An old-fashioned cafe in the Theater District

We turned left at Laguna Street in the heart of Japantown, the first Japanese American community in the country. The architectural style of some buildings, the signs in Japanese characters and the pagoda definitely sets the neighbourhood apart. It seemed like the right place to go for sushi.


We pushed on uphill towards Alamo Square. Beautiful Victorian homes (whether genuine or inspired by that style, I don’t know) line the streets of this area, The Fillmore. The most famous ones are the Painted Ladies, a row of cheerful Victorian houses opposite Alamo Square on Steiner Street.

They are so famous that tour buses stop here for tourists to take photos. I’m sure the people who there aren’t amused. There was an episode of House Hunters set in San Francisco in which the potential buyers were looking at an apartment across the street from the Painted Ladies. If I remember correctly, one of the things that put them off was the noise from the tour buses.

We stopped for a breather at Alamo Square. It is such a beautiful park; and as it sits on top of a hill, the 360 ̊views of San Francisco are amazing. At that point, I regretted my choice of footwear. My boots were stylish but were not made for walkin’. Comfort trumps fashion sometimes.

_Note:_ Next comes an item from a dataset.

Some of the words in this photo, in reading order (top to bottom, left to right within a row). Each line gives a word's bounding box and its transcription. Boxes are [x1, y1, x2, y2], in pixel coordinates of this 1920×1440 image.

I look stylish but at what price? Oh, yes, and those are the Painted Ladies in the background

We shuffled uphill towards 16th Street in the Mission District. This is where Sean and I parted ways. I was intent on visiting Misión San Francisco de Asís, also known as Mission Dolores. Sean wanted to sit down, read his book and drink coffee.

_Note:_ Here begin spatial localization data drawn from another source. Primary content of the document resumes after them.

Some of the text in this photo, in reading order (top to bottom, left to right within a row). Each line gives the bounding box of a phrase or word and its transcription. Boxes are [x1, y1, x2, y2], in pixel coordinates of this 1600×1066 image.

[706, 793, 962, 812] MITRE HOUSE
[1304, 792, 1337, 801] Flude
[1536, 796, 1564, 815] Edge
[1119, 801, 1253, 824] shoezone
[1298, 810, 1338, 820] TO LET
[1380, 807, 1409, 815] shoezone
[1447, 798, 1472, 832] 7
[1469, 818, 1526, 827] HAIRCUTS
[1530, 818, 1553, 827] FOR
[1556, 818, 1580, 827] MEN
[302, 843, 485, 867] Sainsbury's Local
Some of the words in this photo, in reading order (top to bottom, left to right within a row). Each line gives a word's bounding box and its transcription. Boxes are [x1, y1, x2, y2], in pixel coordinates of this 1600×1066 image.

Dating from 1776, the mission is the oldest intact building in San Francisco.  The original church feels cosy and welcoming and the gilded altar is gorgeous; whereas the Dolores Basilica next door seems grand and overpowering in comparison. I struck up a conversation with another visitor, who turned out to be a Californian history buff. The information he shared with me about the mission gave the visit a different perspective.